_Spatial localization data:_
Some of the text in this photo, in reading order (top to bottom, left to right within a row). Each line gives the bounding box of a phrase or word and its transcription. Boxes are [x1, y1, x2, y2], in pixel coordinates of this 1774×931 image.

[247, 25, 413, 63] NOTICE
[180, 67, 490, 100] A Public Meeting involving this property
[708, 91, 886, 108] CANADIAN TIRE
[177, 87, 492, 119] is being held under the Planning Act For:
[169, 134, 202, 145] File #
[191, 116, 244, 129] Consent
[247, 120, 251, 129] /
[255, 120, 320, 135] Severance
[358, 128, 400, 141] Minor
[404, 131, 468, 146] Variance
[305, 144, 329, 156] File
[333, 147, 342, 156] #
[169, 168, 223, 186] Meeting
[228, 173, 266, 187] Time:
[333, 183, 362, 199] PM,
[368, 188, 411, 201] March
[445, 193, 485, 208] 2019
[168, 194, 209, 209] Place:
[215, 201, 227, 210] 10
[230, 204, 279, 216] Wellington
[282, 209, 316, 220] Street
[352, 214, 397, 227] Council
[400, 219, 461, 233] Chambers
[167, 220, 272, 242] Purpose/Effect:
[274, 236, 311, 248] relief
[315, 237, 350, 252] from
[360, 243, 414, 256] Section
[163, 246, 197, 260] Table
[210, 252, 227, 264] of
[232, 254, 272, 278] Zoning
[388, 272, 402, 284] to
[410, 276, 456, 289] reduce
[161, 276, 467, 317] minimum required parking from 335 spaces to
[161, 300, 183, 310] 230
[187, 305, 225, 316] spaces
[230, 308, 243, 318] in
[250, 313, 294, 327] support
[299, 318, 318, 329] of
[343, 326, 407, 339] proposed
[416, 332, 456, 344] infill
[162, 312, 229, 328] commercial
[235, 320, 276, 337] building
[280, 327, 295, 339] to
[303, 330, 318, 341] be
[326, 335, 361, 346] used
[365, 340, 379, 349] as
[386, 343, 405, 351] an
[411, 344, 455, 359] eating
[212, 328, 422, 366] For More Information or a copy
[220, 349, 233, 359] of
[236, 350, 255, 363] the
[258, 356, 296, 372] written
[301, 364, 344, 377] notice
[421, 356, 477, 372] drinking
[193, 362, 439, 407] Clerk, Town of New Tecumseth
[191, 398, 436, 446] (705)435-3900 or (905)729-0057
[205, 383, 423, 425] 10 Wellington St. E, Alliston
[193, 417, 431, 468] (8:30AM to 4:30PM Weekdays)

_TASK PROMPT:_ Copy each line of the data above without altering a single character.

_FINAL ANSWER:_
Some of the text in this photo, in reading order (top to bottom, left to right within a row). Each line gives the bounding box of a phrase or word and its transcription. Boxes are [x1, y1, x2, y2], in pixel coordinates of this 1774×931 image.

[247, 25, 413, 63] NOTICE
[180, 67, 490, 100] A Public Meeting involving this property
[708, 91, 886, 108] CANADIAN TIRE
[177, 87, 492, 119] is being held under the Planning Act For:
[169, 134, 202, 145] File #
[191, 116, 244, 129] Consent
[247, 120, 251, 129] /
[255, 120, 320, 135] Severance
[358, 128, 400, 141] Minor
[404, 131, 468, 146] Variance
[305, 144, 329, 156] File
[333, 147, 342, 156] #
[169, 168, 223, 186] Meeting
[228, 173, 266, 187] Time:
[333, 183, 362, 199] PM,
[368, 188, 411, 201] March
[445, 193, 485, 208] 2019
[168, 194, 209, 209] Place:
[215, 201, 227, 210] 10
[230, 204, 279, 216] Wellington
[282, 209, 316, 220] Street
[352, 214, 397, 227] Council
[400, 219, 461, 233] Chambers
[167, 220, 272, 242] Purpose/Effect:
[274, 236, 311, 248] relief
[315, 237, 350, 252] from
[360, 243, 414, 256] Section
[163, 246, 197, 260] Table
[210, 252, 227, 264] of
[232, 254, 272, 278] Zoning
[388, 272, 402, 284] to
[410, 276, 456, 289] reduce
[161, 276, 467, 317] minimum required parking from 335 spaces to
[161, 300, 183, 310] 230
[187, 305, 225, 316] spaces
[230, 308, 243, 318] in
[250, 313, 294, 327] support
[299, 318, 318, 329] of
[343, 326, 407, 339] proposed
[416, 332, 456, 344] infill
[162, 312, 229, 328] commercial
[235, 320, 276, 337] building
[280, 327, 295, 339] to
[303, 330, 318, 341] be
[326, 335, 361, 346] used
[365, 340, 379, 349] as
[386, 343, 405, 351] an
[411, 344, 455, 359] eating
[212, 328, 422, 366] For More Information or a copy
[220, 349, 233, 359] of
[236, 350, 255, 363] the
[258, 356, 296, 372] written
[301, 364, 344, 377] notice
[421, 356, 477, 372] drinking
[193, 362, 439, 407] Clerk, Town of New Tecumseth
[191, 398, 436, 446] (705)435-3900 or (905)729-0057
[205, 383, 423, 425] 10 Wellington St. E, Alliston
[193, 417, 431, 468] (8:30AM to 4:30PM Weekdays)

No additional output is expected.